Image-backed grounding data
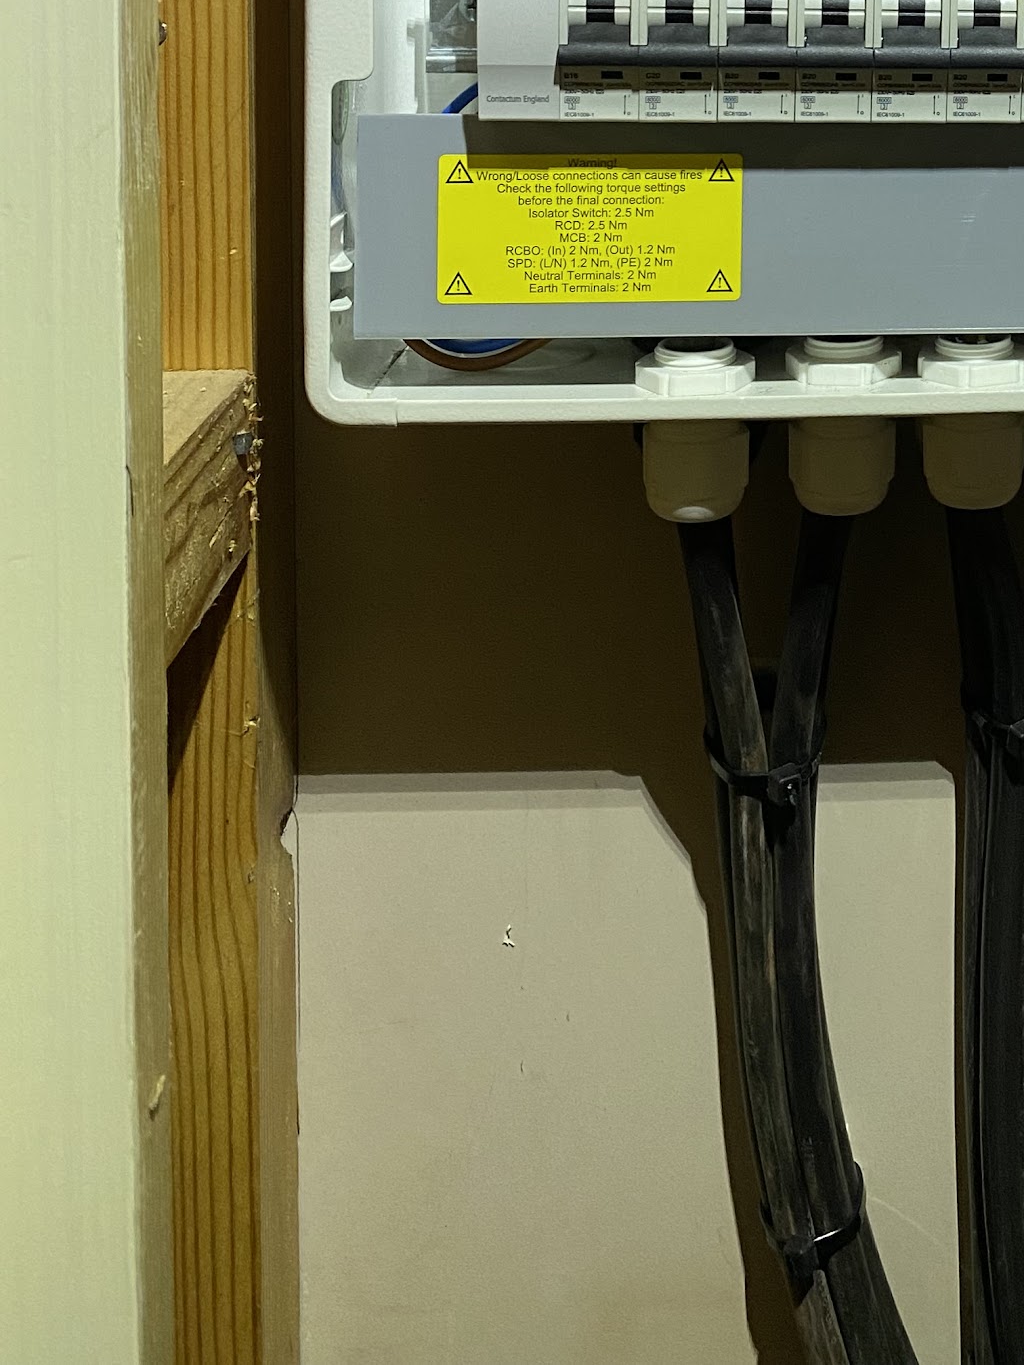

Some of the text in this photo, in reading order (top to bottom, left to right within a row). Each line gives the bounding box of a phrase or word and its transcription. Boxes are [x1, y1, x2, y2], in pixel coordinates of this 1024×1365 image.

[486, 95, 549, 104] Contactum England
[476, 170, 702, 183] Wrong/Loose connections can cause fires
[497, 182, 685, 194] Check the following torque settings
[519, 195, 664, 205] before the final connection:
[529, 208, 654, 218] Isolator Switch: 2.5 Nm
[556, 221, 627, 230] RCD: 2.5 Nm
[560, 233, 622, 242] MCB: 2 Nm
[506, 245, 675, 257] RCBO: (In) 2 Nm, (Out) 1.2 Nm
[508, 257, 672, 270] SPD: (L/N) 1.2 Nm, (PE) 2 Nm
[525, 269, 656, 280] Neutral Terminals: 2 Nm
[530, 283, 651, 293] Earth Terminals: 2 Nm
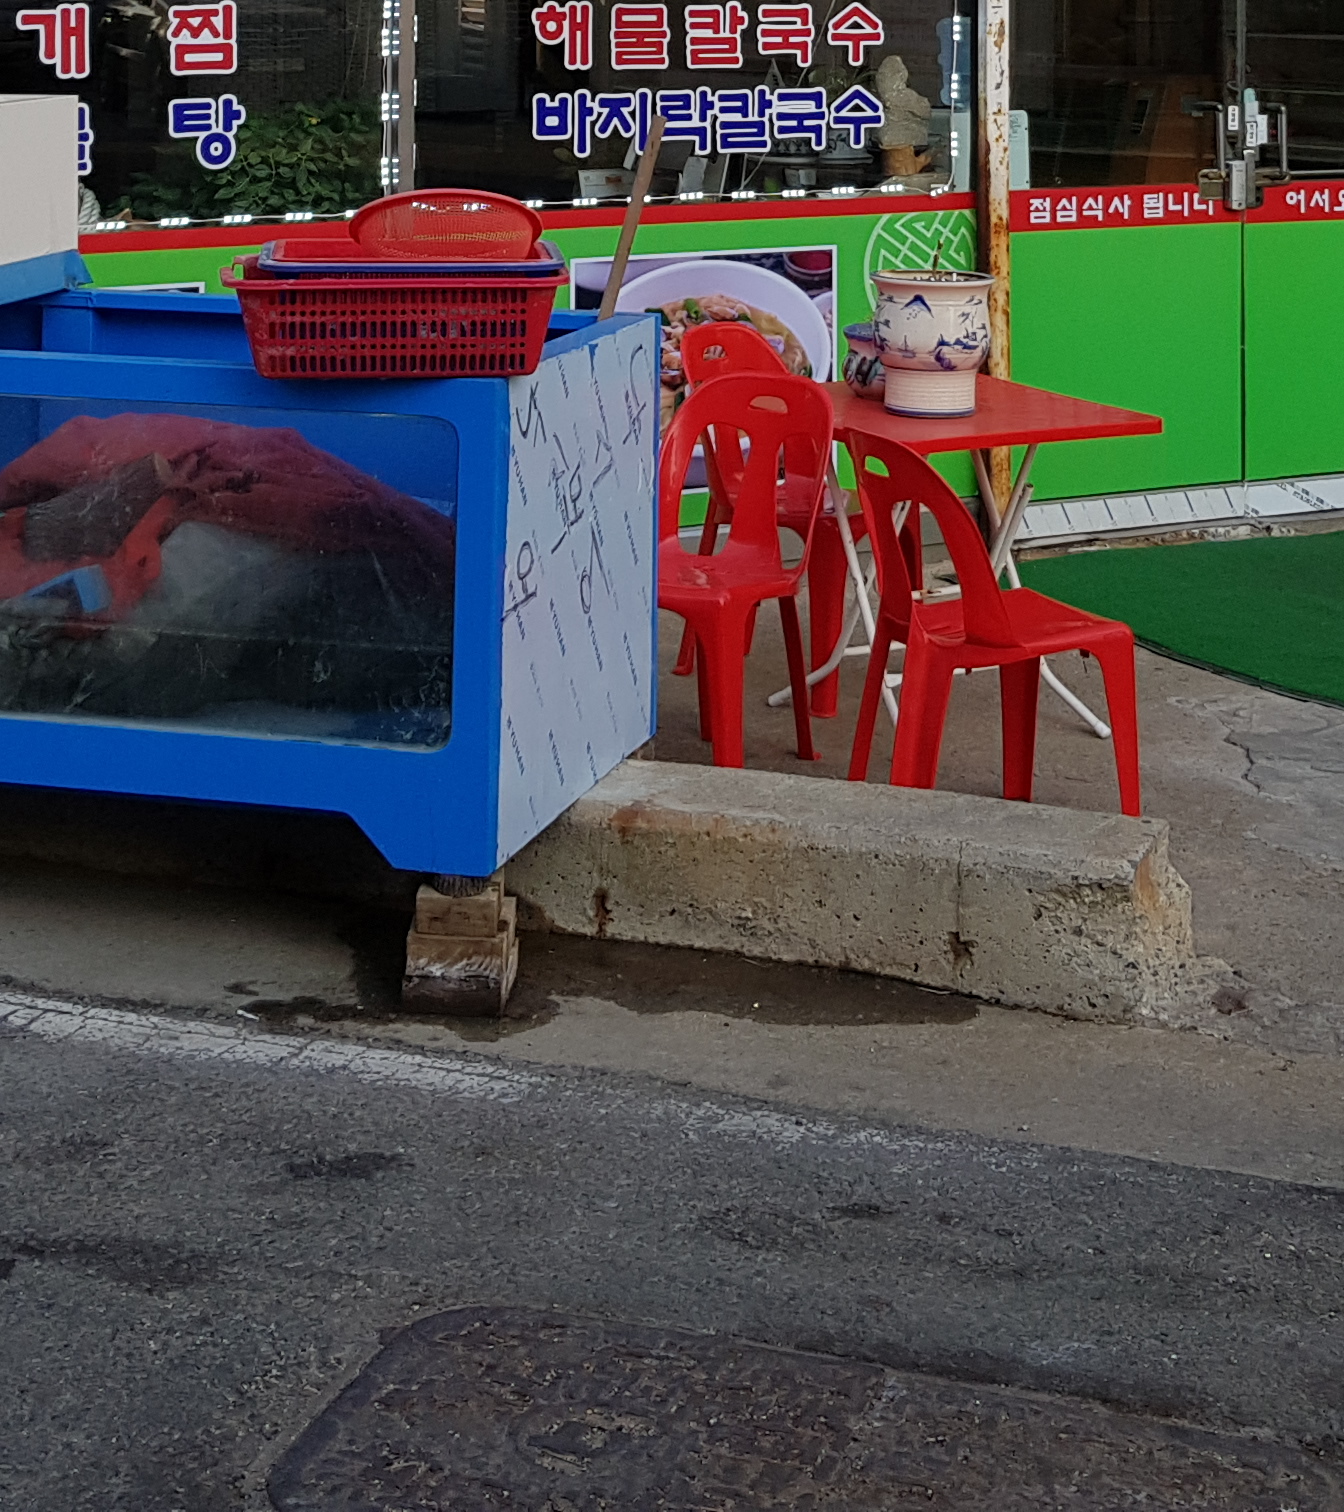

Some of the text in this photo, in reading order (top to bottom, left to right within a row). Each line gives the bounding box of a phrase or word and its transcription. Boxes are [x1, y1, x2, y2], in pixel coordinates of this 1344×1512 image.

## YOUR INSTRUCTIONS
When you transcribe the entries, reproduce each line exactly and skip any picture.

## ANSWER SPACE
Some of the text in this photo, in reading order (top to bottom, left to right within a row). Each line gives the bounding box of a phrase or word and its transcription. Boxes are [x1, y1, x2, y2], in pixel coordinates of this 1024×1365 image.

[486, 95, 549, 104] Contactum England
[476, 170, 702, 183] Wrong/Loose connections can cause fires
[497, 182, 685, 194] Check the following torque settings
[519, 195, 664, 205] before the final connection:
[529, 208, 654, 218] Isolator Switch: 2.5 Nm
[556, 221, 627, 230] RCD: 2.5 Nm
[560, 233, 622, 242] MCB: 2 Nm
[506, 245, 675, 257] RCBO: (In) 2 Nm, (Out) 1.2 Nm
[508, 257, 672, 270] SPD: (L/N) 1.2 Nm, (PE) 2 Nm
[525, 269, 656, 280] Neutral Terminals: 2 Nm
[530, 283, 651, 293] Earth Terminals: 2 Nm

Some of the text in this photo, in reading order (top to bottom, left to right within a row). Each line gives the bounding box of a phrase or word and its transcription. Boxes are [x1, y1, x2, y2], in pixel coordinates of this 1344×1512 image.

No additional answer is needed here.